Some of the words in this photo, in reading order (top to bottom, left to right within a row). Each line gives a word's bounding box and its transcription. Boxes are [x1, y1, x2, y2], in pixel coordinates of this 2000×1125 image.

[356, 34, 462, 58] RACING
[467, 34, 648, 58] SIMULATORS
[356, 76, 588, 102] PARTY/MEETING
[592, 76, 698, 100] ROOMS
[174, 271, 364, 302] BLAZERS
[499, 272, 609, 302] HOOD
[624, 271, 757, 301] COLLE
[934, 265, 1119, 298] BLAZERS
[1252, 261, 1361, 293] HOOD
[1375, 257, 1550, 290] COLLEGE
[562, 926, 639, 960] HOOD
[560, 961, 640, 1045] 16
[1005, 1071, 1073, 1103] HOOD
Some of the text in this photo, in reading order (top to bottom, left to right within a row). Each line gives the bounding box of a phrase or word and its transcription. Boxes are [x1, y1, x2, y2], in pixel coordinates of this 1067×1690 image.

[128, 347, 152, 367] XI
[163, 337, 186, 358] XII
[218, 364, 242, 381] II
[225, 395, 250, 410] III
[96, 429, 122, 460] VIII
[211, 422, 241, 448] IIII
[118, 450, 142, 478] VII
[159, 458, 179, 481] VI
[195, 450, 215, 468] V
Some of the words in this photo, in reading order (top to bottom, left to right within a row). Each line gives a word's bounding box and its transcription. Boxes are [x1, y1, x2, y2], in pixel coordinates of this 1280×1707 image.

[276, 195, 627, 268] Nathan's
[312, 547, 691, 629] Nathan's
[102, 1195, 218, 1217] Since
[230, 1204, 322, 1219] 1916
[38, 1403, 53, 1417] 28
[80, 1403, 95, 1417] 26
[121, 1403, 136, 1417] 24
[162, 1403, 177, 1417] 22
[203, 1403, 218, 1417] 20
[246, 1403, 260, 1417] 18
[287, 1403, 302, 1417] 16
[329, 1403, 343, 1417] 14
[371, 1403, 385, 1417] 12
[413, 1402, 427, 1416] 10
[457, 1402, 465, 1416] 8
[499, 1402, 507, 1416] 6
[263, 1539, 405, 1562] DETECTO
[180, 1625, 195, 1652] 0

═══

Each line of the data above needs to be returned exactly.

Some of the words in this photo, in reading order (top to bottom, left to right within a row). Each line gives a word's bounding box and its transcription. Boxes are [x1, y1, x2, y2], in pixel coordinates of this 2000×1125 image.

[356, 34, 462, 58] RACING
[467, 34, 648, 58] SIMULATORS
[356, 76, 588, 102] PARTY/MEETING
[592, 76, 698, 100] ROOMS
[174, 271, 364, 302] BLAZERS
[499, 272, 609, 302] HOOD
[624, 271, 757, 301] COLLE
[934, 265, 1119, 298] BLAZERS
[1252, 261, 1361, 293] HOOD
[1375, 257, 1550, 290] COLLEGE
[562, 926, 639, 960] HOOD
[560, 961, 640, 1045] 16
[1005, 1071, 1073, 1103] HOOD
Some of the text in this photo, in reading order (top to bottom, left to right within a row). Each line gives the bounding box of a phrase or word and its transcription. Boxes are [x1, y1, x2, y2], in pixel coordinates of this 1067×1690 image.

[128, 347, 152, 367] XI
[163, 337, 186, 358] XII
[218, 364, 242, 381] II
[225, 395, 250, 410] III
[96, 429, 122, 460] VIII
[211, 422, 241, 448] IIII
[118, 450, 142, 478] VII
[159, 458, 179, 481] VI
[195, 450, 215, 468] V
Some of the words in this photo, in reading order (top to bottom, left to right within a row). Each line gives a word's bounding box and its transcription. Boxes are [x1, y1, x2, y2], in pixel coordinates of this 1280×1707 image.

[276, 195, 627, 268] Nathan's
[312, 547, 691, 629] Nathan's
[102, 1195, 218, 1217] Since
[230, 1204, 322, 1219] 1916
[38, 1403, 53, 1417] 28
[80, 1403, 95, 1417] 26
[121, 1403, 136, 1417] 24
[162, 1403, 177, 1417] 22
[203, 1403, 218, 1417] 20
[246, 1403, 260, 1417] 18
[287, 1403, 302, 1417] 16
[329, 1403, 343, 1417] 14
[371, 1403, 385, 1417] 12
[413, 1402, 427, 1416] 10
[457, 1402, 465, 1416] 8
[499, 1402, 507, 1416] 6
[263, 1539, 405, 1562] DETECTO
[180, 1625, 195, 1652] 0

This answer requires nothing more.